Urinary tract infection (UTI) is among the most common infections in solid organ transplantation, especially in kidney transplantation.


This study included 295 adult patients undergoing KTx between September 2001 and December 2007. All patients were followed prospectively for UTI during the first 4 weeks after surgery. Samples of urine were investigated by bacteriological cultures to identify microorganisms in accord with standard procedures. Susceptibility testing was performed using Clinical and Laboratory Standards Institute procedures.

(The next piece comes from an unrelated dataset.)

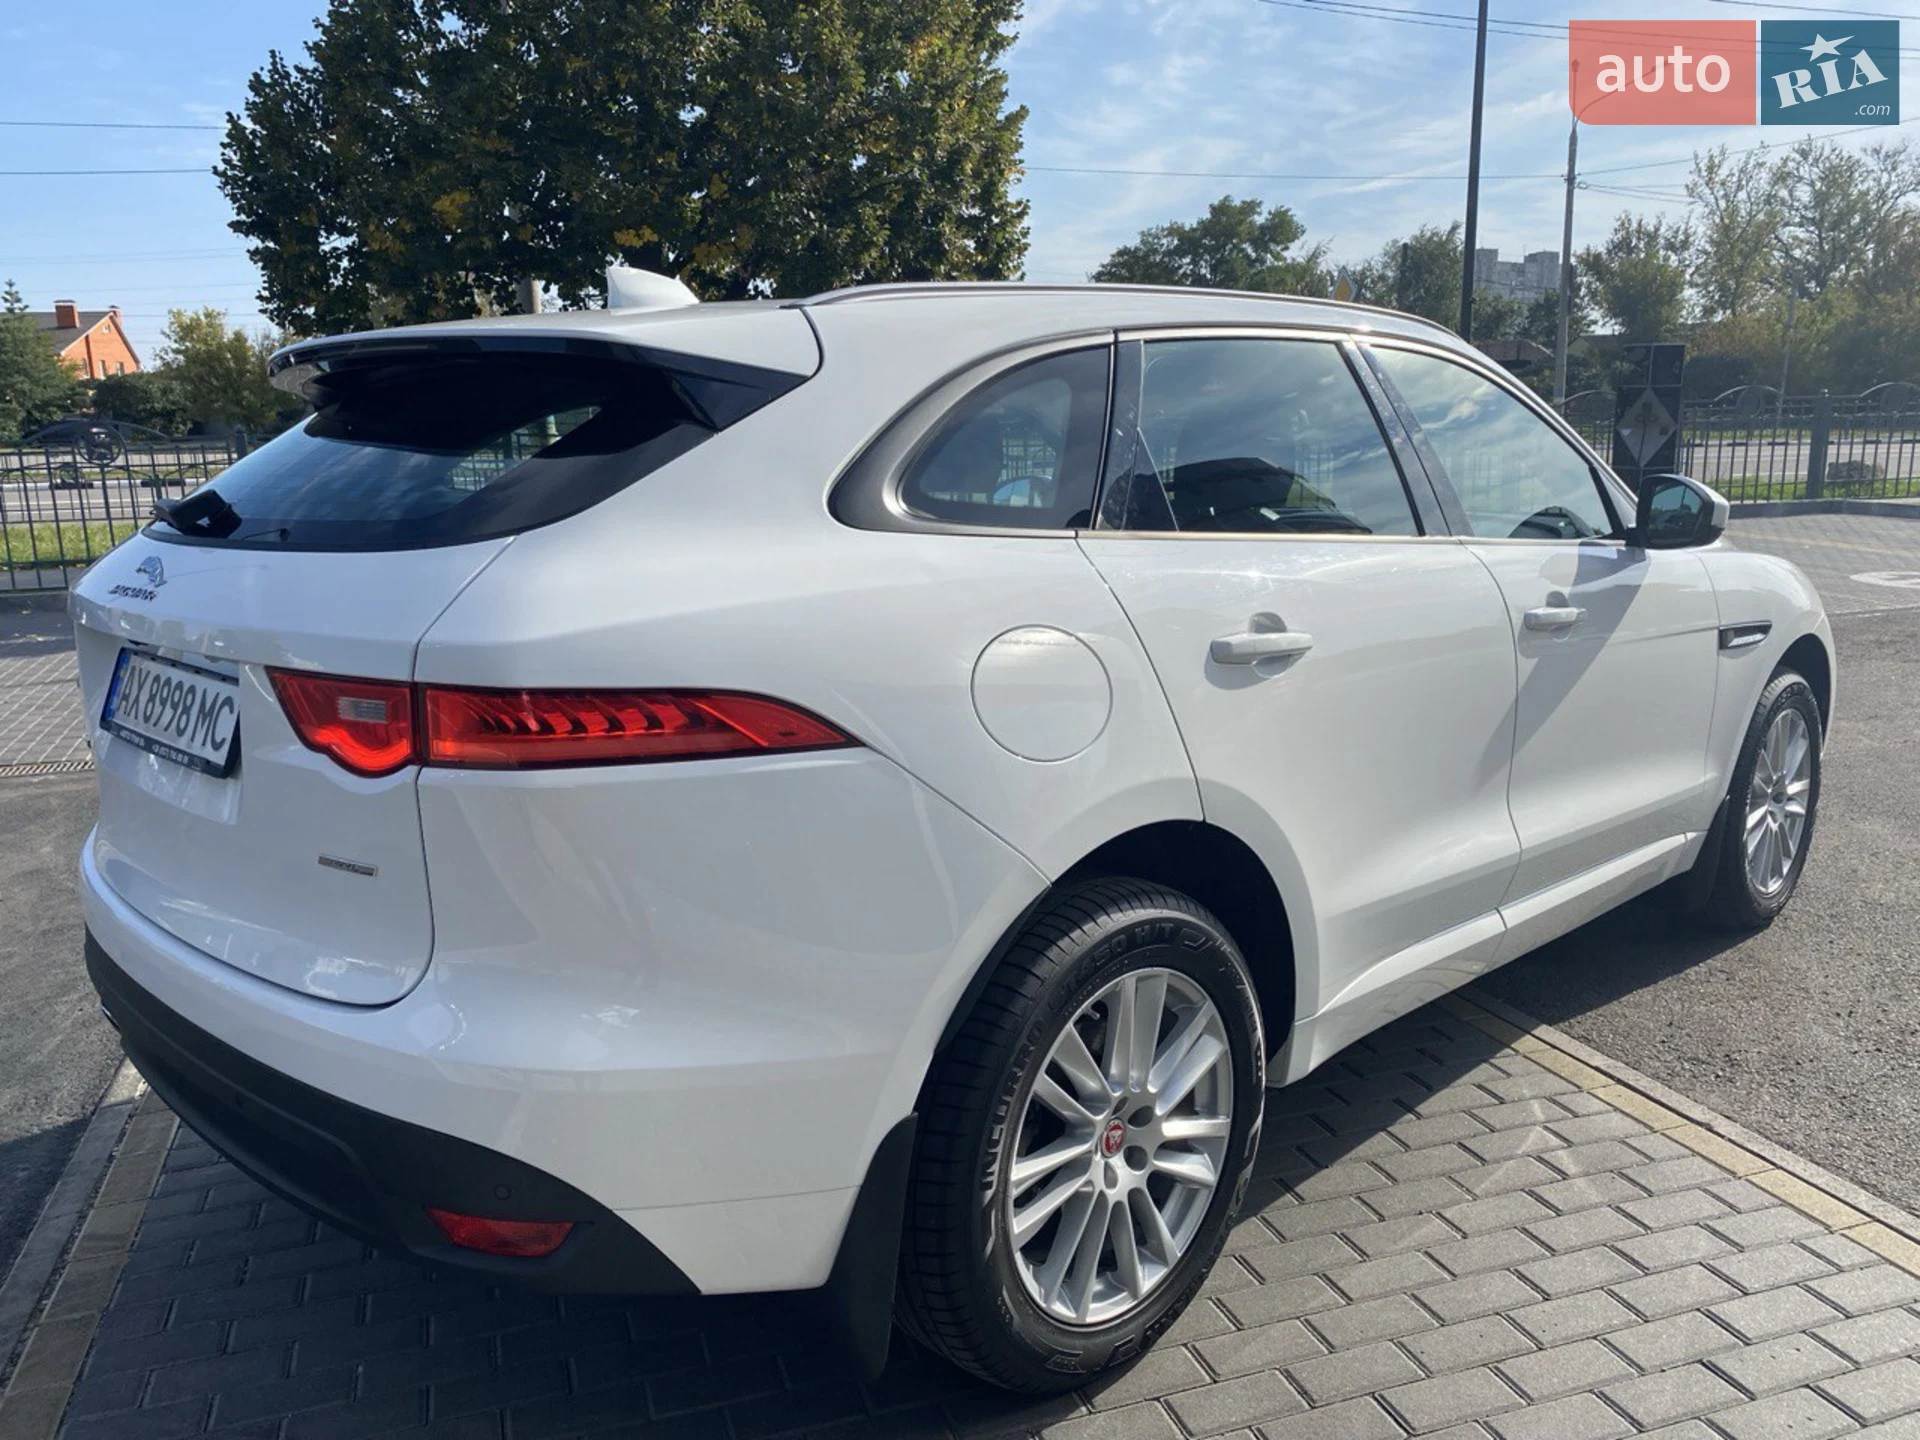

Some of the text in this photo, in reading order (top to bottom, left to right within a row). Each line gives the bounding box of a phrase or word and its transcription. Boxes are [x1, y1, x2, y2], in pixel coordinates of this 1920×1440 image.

[117, 665, 235, 752] AX 8998 MC
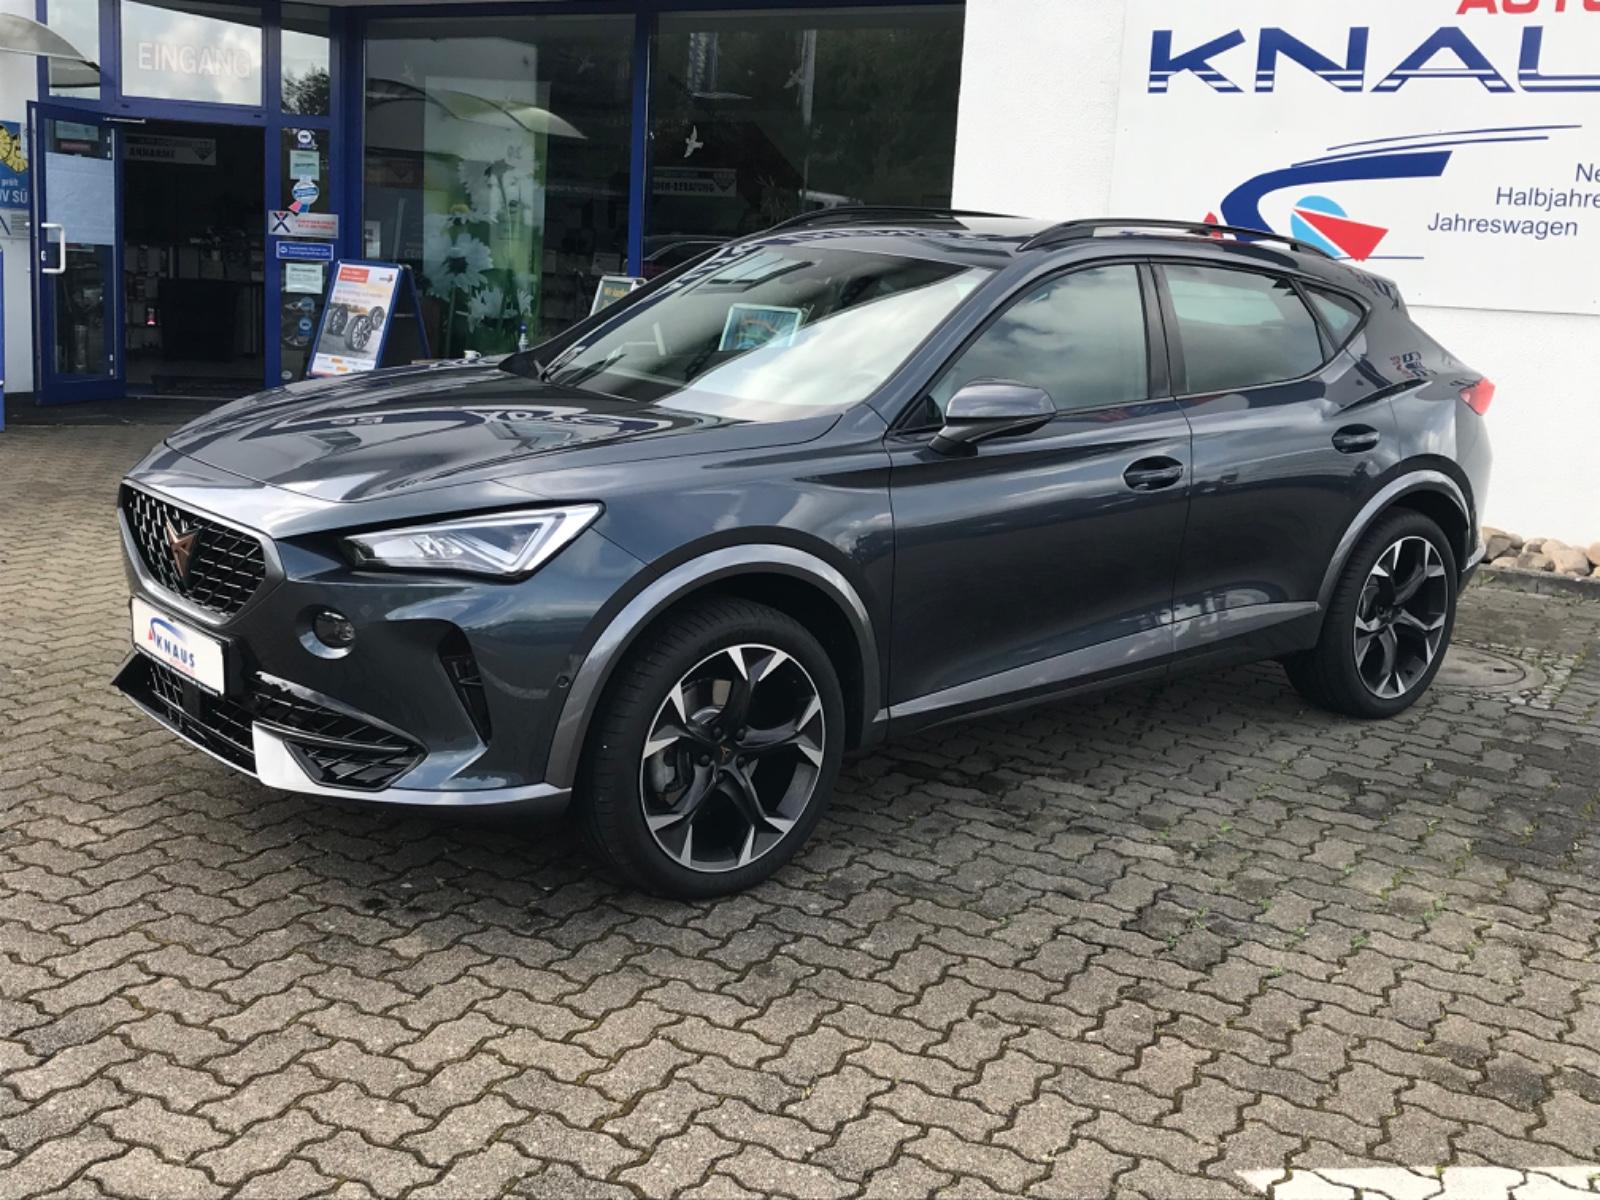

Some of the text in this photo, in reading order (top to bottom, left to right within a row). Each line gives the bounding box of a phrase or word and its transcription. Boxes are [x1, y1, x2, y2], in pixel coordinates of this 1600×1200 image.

Urine specimens (n=582) were obtained from 84.5% of 245 recipients during the first month after transplantation. Among the isolated bacterial strains (n=291), the most common were Gram-negative bacteria (56.4%) predominantly Serratia marcescens (32.3%) and Enterobacter cloacae (14.6%). Extended- spectrum beta-lactamase (ESBL+) strains were isolated in 52.5% of cases. Gram-positive bacteria comprised 35.7%; most commonly, high-level aminoglycoside resistant (HLAR; 87.8%) and vancomycin-resistant (VRE; 11%) Enterococci. There were fungal strains in 23 cases (7.9%).


Our study showed predominantly Gram-negative rods from the Enterobacteriaceae family comprising (84.8%) of Gram-negative isolates: 52.5% ESBL and resistant enterococci (87.5%) in Gram-positive isolates. The increased proportion of isolates of multi-drug-resistant bacterial agents which can cause severe UTIs may be due to our frequent use of ceftriaxone for perioperative bacterial prophylaxis.